(Phrase grounding data)
⁂

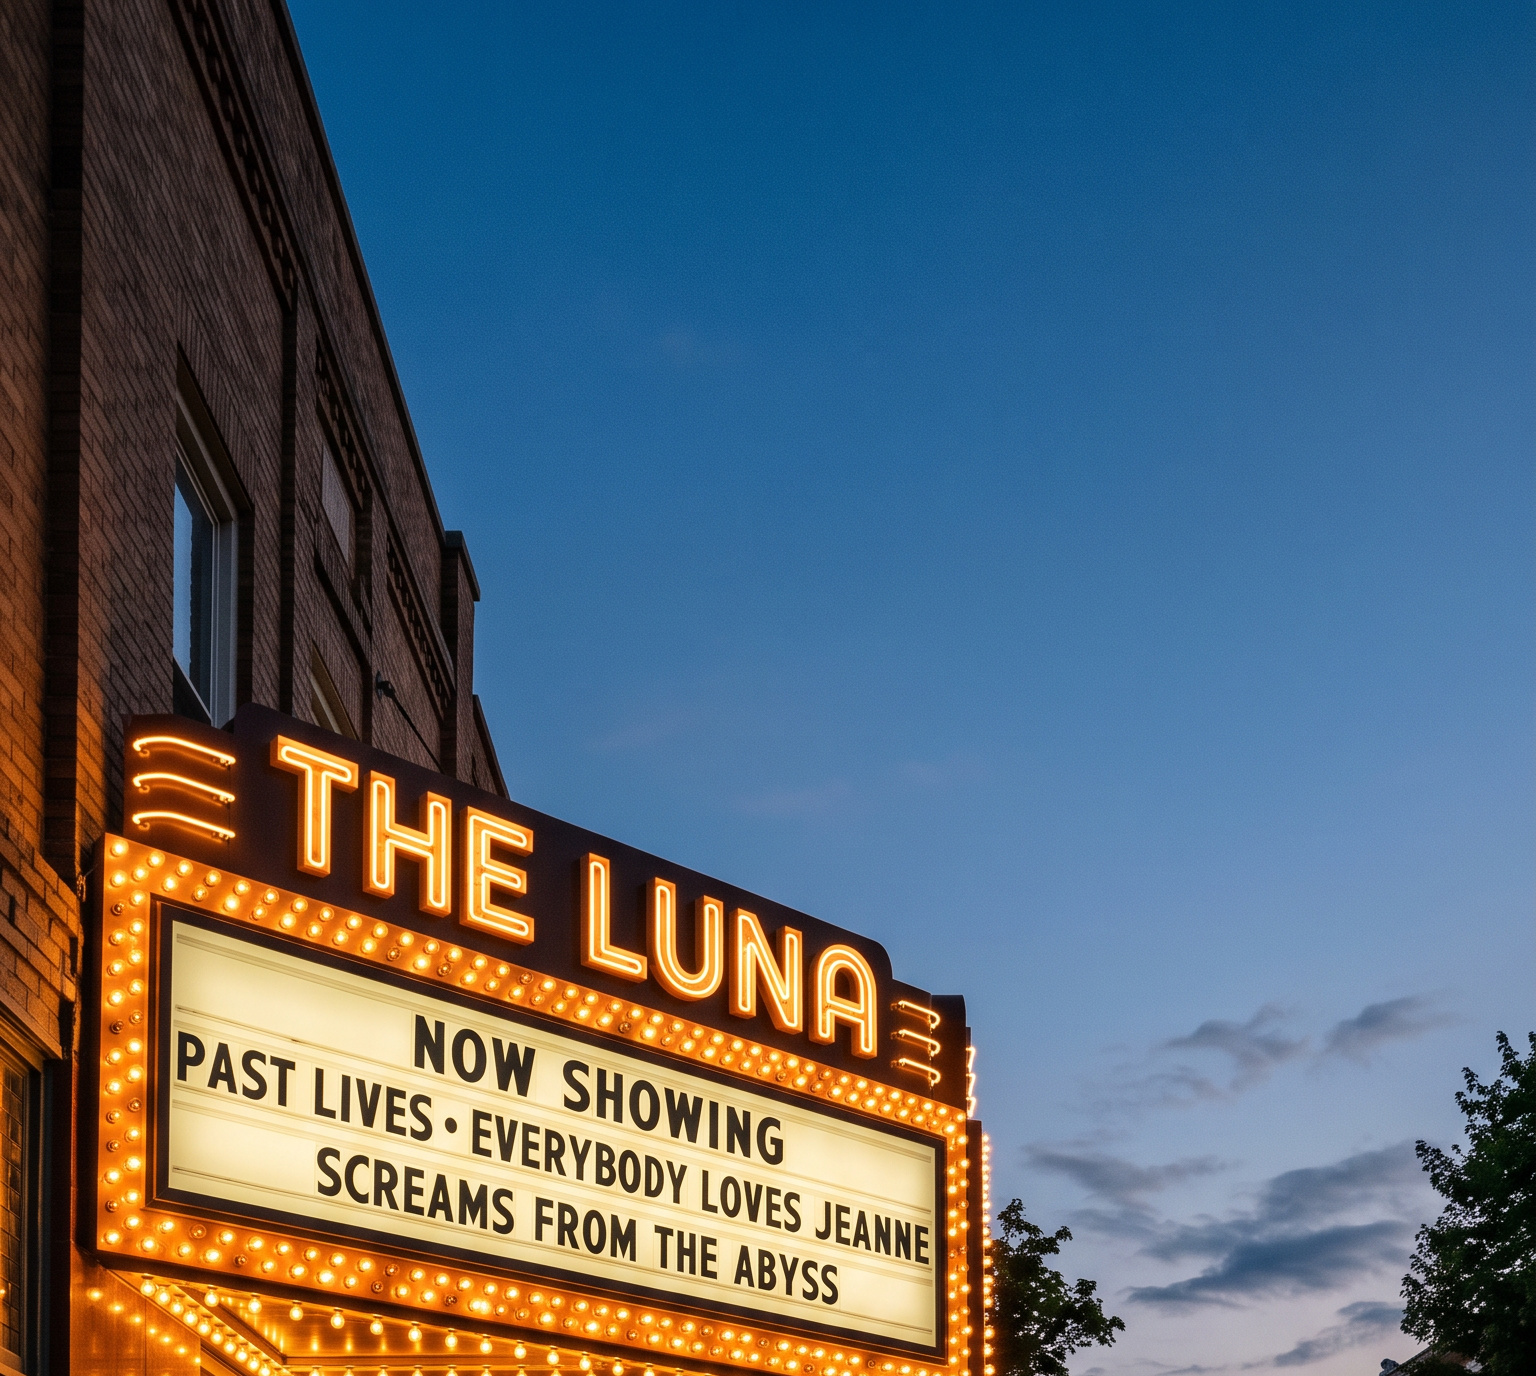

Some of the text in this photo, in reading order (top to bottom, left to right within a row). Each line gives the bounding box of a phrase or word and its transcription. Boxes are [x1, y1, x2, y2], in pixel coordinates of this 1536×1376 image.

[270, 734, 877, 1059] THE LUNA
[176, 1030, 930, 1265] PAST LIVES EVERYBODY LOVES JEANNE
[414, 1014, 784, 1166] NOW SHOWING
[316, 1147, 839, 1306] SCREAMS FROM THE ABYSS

⁂

● **WHAT TO WORK ON**
What is needed is an exact copy of the data, without any pictures.

● **TASK RESPONSE**
Some of the text in this photo, in reading order (top to bottom, left to right within a row). Each line gives the bounding box of a phrase or word and its transcription. Boxes are [x1, y1, x2, y2], in pixel coordinates of this 1536×1376 image.

[270, 734, 877, 1059] THE LUNA
[176, 1030, 930, 1265] PAST LIVES EVERYBODY LOVES JEANNE
[414, 1014, 784, 1166] NOW SHOWING
[316, 1147, 839, 1306] SCREAMS FROM THE ABYSS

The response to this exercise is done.